Logan Airport Flights and Airlines Discussion

What's going to happen once AA and US fully merge their operations in October? Is AA going to move the the US side of B?
 
British Airways responds to the new Gatwick flights:

"British Airways responded robustly to the challenge from Norwegian. BA said: 'From May 2016, when the Norwegian flights begin, our cheapest return flights will be £603."

http://www.dailymail.co.uk/travel/t...Boston-ll-quick-26-people-flight-buy-one.html

Everyone wins when Norwegian comes to town.
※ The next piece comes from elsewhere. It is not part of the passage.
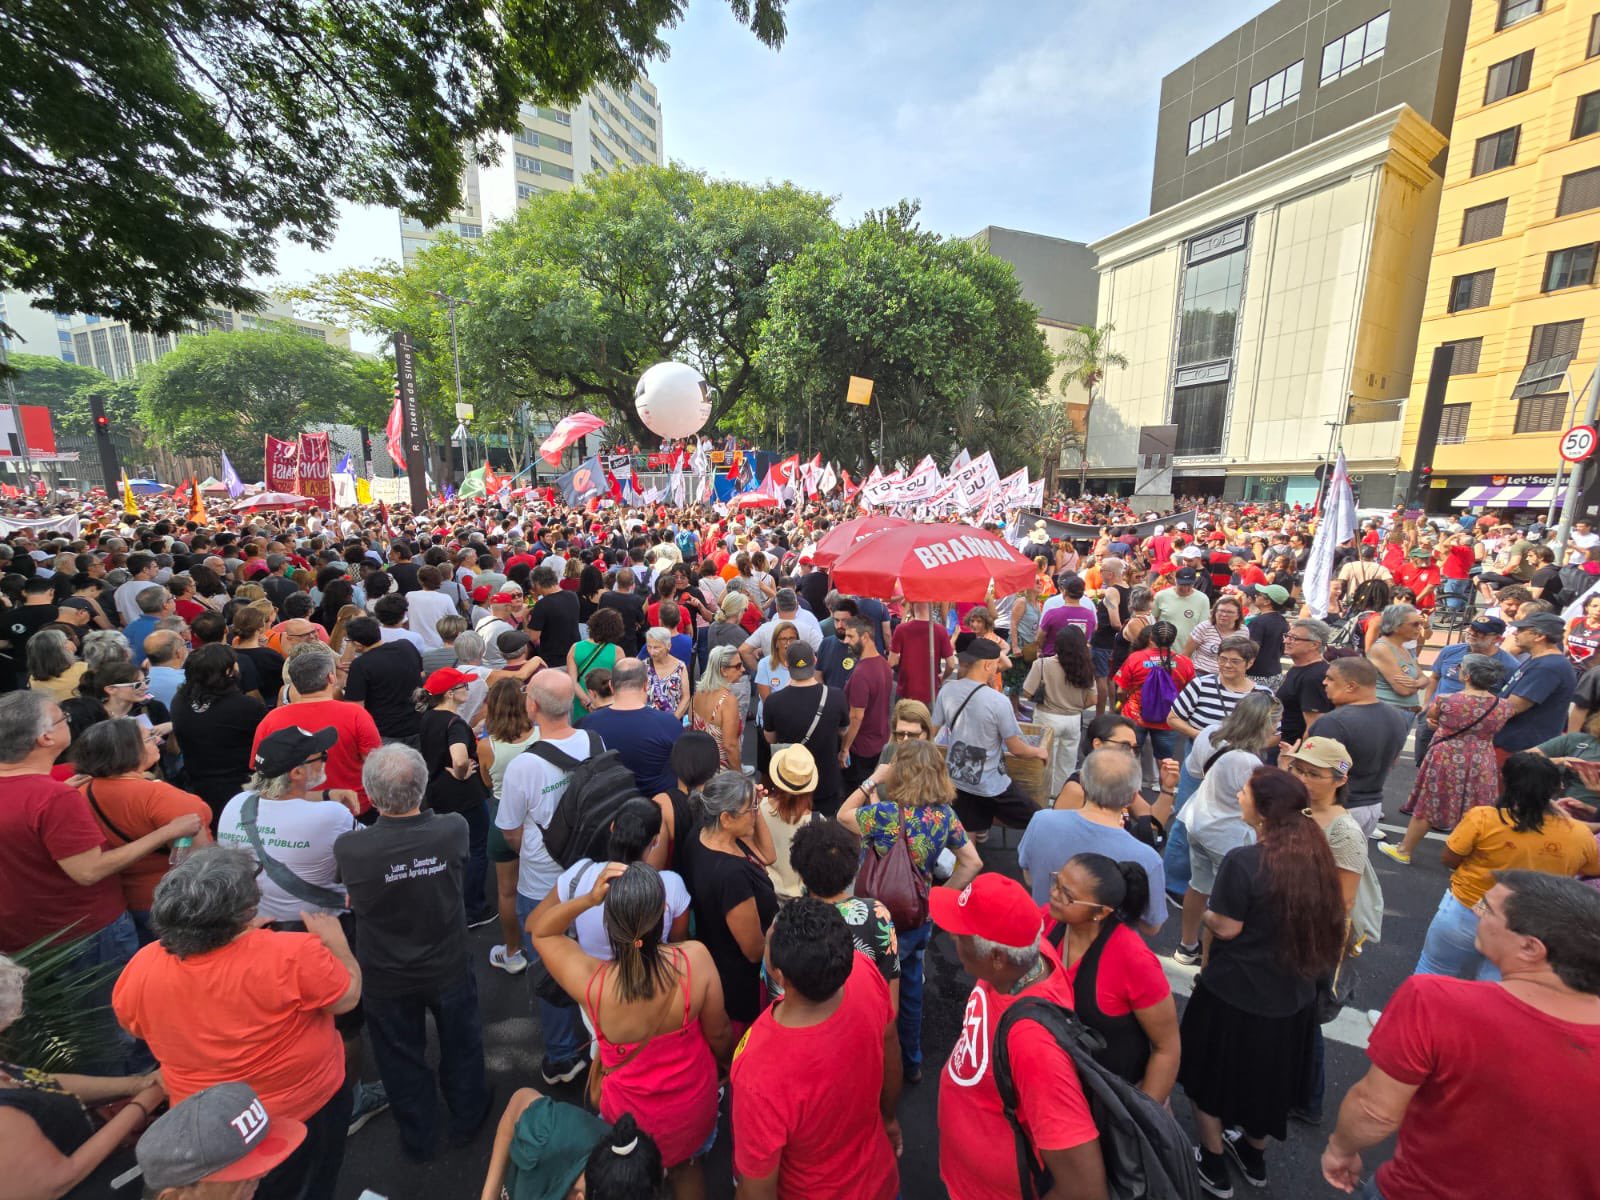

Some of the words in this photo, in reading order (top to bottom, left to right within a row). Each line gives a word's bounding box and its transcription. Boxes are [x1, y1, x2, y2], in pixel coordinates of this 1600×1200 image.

They're going to have to do better than that. That's still $945 at today's exchange rate. Virgin and Delta are in the low $800 range for the same timeframe, while Norweigan is in the high $600 range.
 
They're going to have to do better than that. That's still $945 at today's exchange rate. Virgin and Delta are in the low $800 range for the same timeframe, while Norweigan is in the high $600 range.

Better than paying 1350 as some had this summer.

I personally believe 8-900 is a fair rate for nonstop Boston-London but when its cheaper to go to Dubai, Beijing or Hong Kong it makes you scratch your head.
 
Better than paying 1350 as some had this summer.

I personally believe 8-900 is a fair rate for nonstop Boston-London but when its cheaper to go to Dubai, Beijing or Hong Kong it makes you scratch your head.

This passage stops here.